Human babies are born knowing how to suckle, and larval flies hatch knowing how to crawl. But even these innate behaviors don’t appear out of nowhere.
Patterned waves of brain activity during prehatching shape larval flies’ innate crawling behavior after they hatch, according to a study published Sept. 2 in the journal Current Biology. The work was led by Arnaldo Carreira-Rosario, a postdoctoral researcher who has split his time between biology professor Chris Doe’s lab at UO and neurobiology professor Thomas Clandinin’s lab at Stanford University.
“We're studying how the brain first becomes active, which we don't understand in any animal system,” Carreira-Rosario said. Figuring out how innate behaviors are generated in flies might help scientists eventually answer similar questions in vertebrates.

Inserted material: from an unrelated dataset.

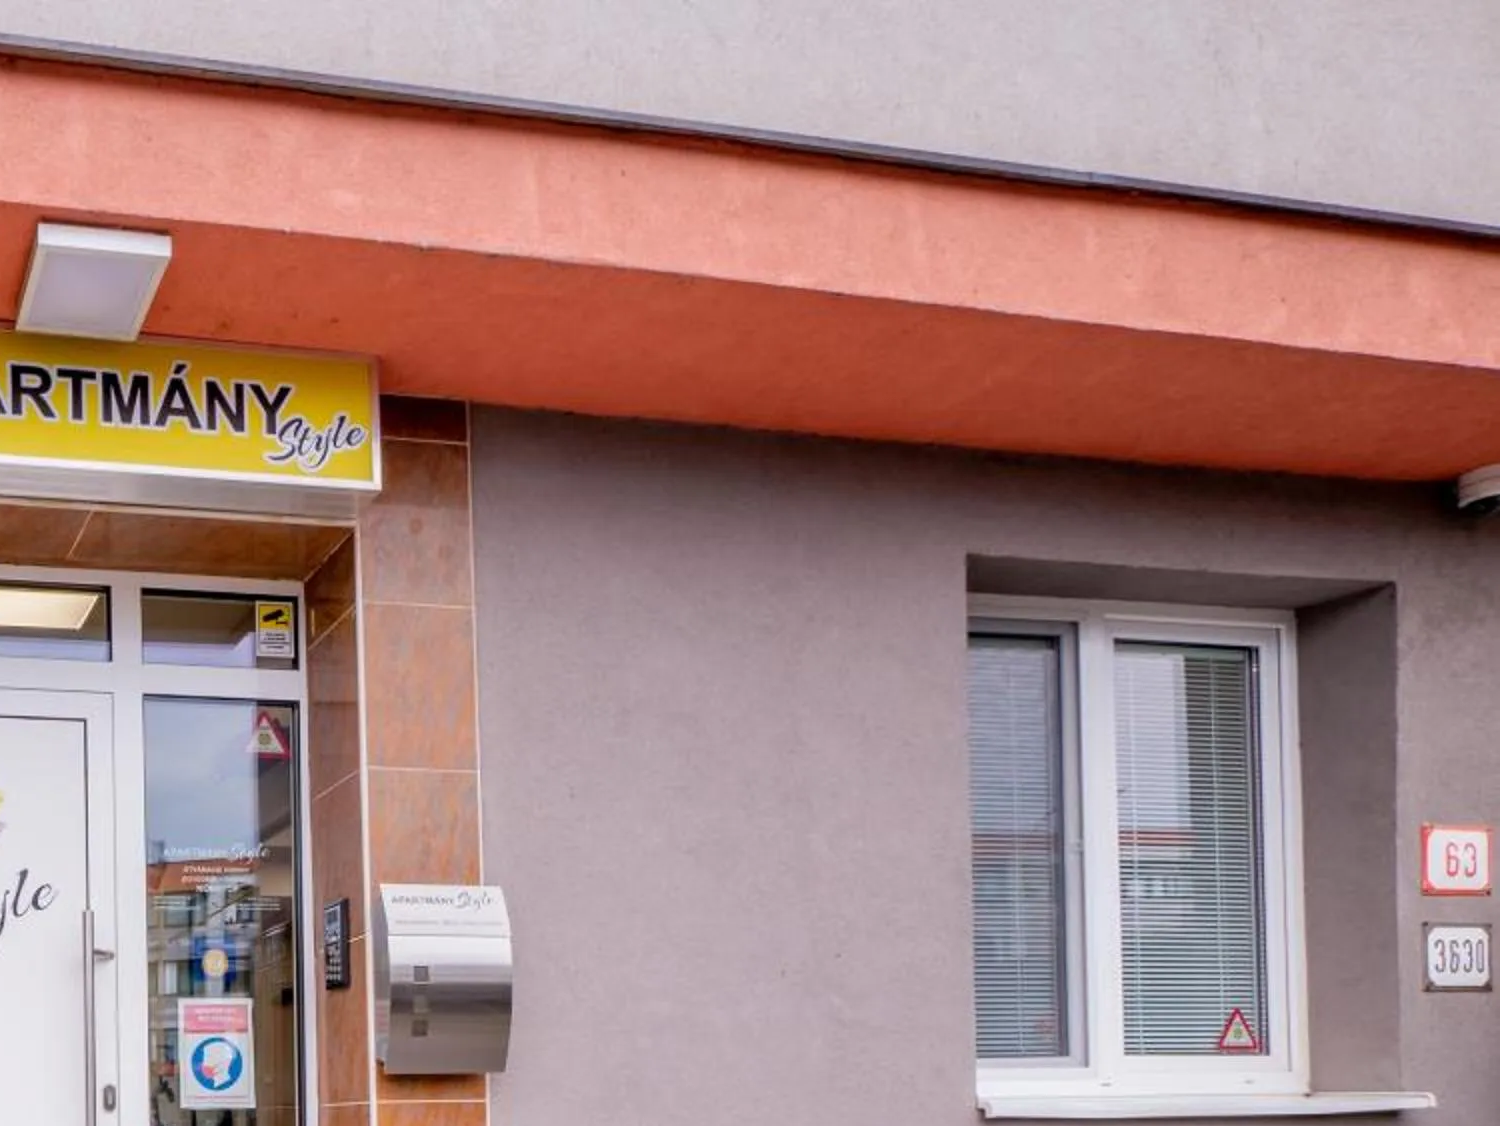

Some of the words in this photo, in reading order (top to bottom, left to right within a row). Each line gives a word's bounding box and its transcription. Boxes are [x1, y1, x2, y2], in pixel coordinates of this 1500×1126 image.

[267, 416, 366, 469] Style
[1445, 842, 1477, 877] 63
[1434, 938, 1485, 974] 3630

In flies, this patterned brain activity is influenced by twitches and contractions in the fly’s muscles that happen before the brain is controlling movement in any sort of coordinated way, the team found. The signals from the muscles appear to put the brakes on the patterned brain activity until the time is just right. If the patterned activity begins too soon, the larval flies don’t move normally.
The next step is to test whether disruptions to patterned brain activity change the development of the neural circuits that help flies crawl and whether this brain activity also affects other innate behaviors such as grooming and mating behavior, Doe said.